2017年11月19日
(日)

いのちのパン

その後、イエスはガリラヤ湖、すなわちティベリアス湖の向こう岸に渡られた。大勢の群衆が後を追った。イエスが病人たちになさったしるしを見たからである。イエスは山に登り、弟子たちと一緒にそこにお座りになった。ユダヤ人の祭りである過越祭が近づいていた。イエスは目を上げ、大勢の群衆が御自分の方へ来るのを見て、フィリポに、「この人たちに食べさせるには、どこでパンを買えばよいだろうか」と言われたが、こう言ったのはフィリポを試みるためであって、御自分では何をしようとしているか知っておられたのである。フィリポは、「めいめいが少しずつ食べるためにも、二百デナリオン分のパンでは足りないでしょう」と答えた。弟子の一人で、シモン・ペトロの兄弟アンデレが、イエスに言った。「ここに大麦のパン五つと魚二匹とを持っている少年がいます。けれども、こんなに大勢の人では、何の役にも立たないでしょう。」イエスは、「人々を座らせなさい」と言われた。そこには草がたくさん生えていた。男たちはそこに座ったが、その数はおよそ五千人であった。さて、イエスはパンを取り、感謝の祈りを唱えてから、座っている人々に分け与えられた。

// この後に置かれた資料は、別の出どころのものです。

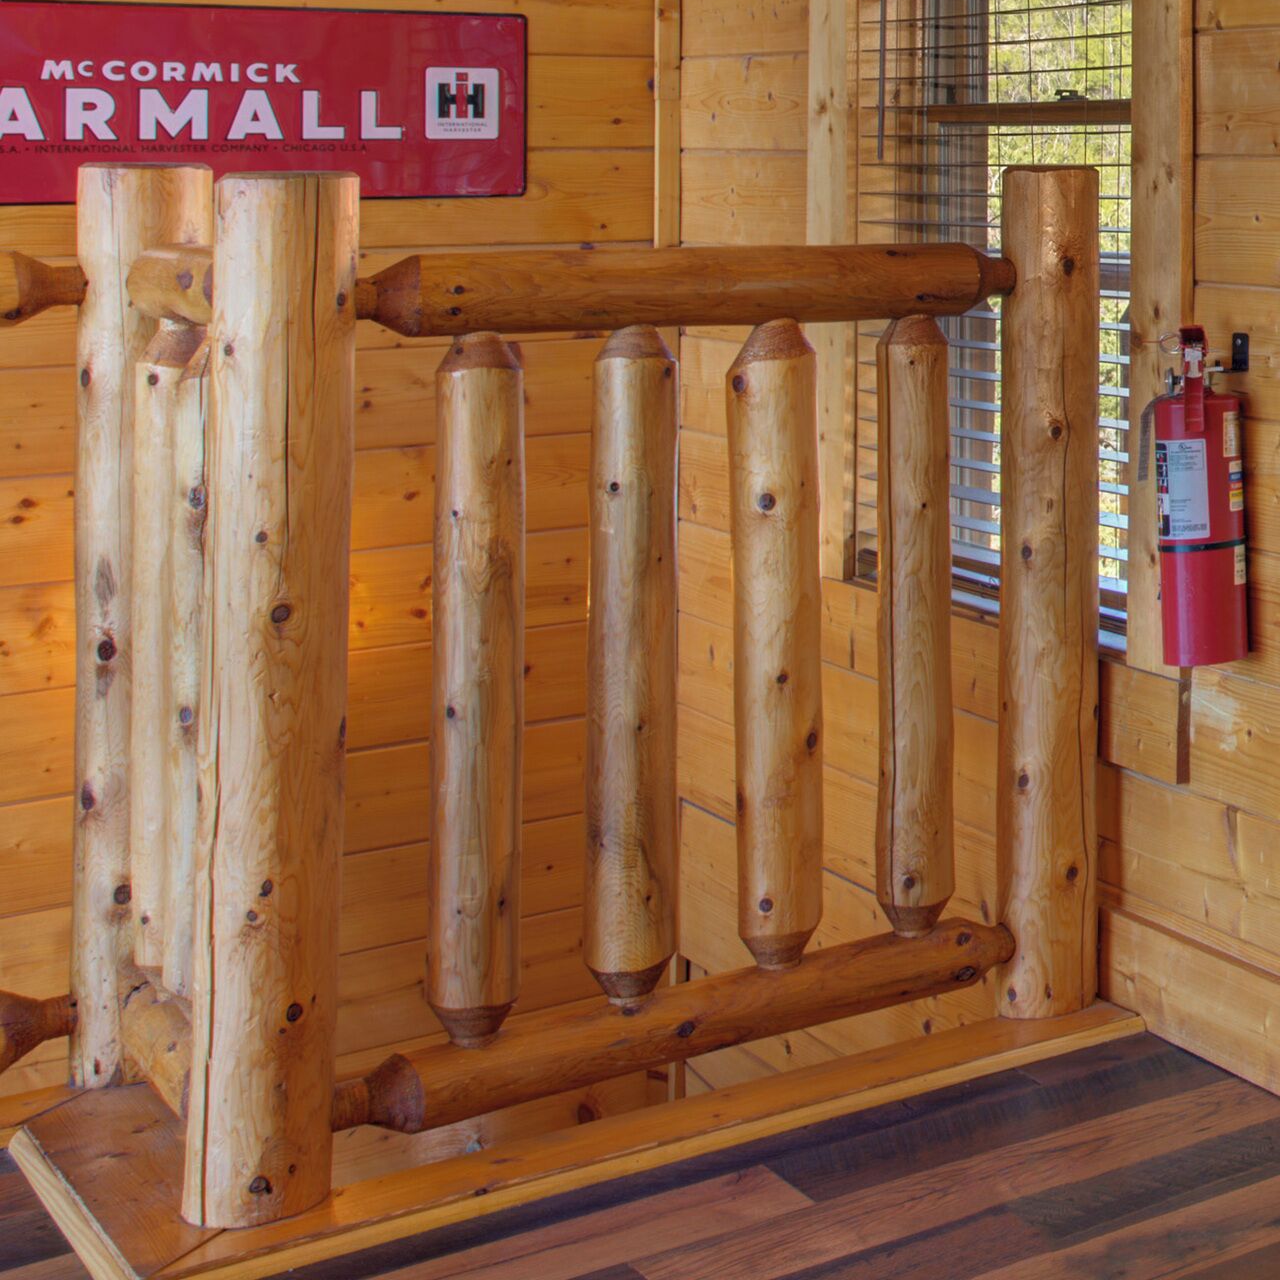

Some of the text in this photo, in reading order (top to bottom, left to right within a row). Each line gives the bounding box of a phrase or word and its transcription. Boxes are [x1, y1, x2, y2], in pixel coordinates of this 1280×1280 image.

[0, 87, 402, 141] ARMALL
[35, 144, 136, 154] INTERNATIONAL
[141, 144, 206, 153] HARVESTER
[211, 144, 269, 153] COMPANY
[282, 143, 335, 153] CHICAGO

また、魚も同じようにして、欲しいだけ分け与えられた。人々が満腹したとき、イエスは弟子たちに、「少しも無駄にならないように、残ったパンの屑を集めなさい」と言われた。集めると、人々が五つの大麦パンを食べて、なお残ったパンの屑で、十二の籠がいっぱいになった。そこで、人々はイエスのなさったしるしを見て、「まさにこの人こそ、世に来られる預言者である」と言った。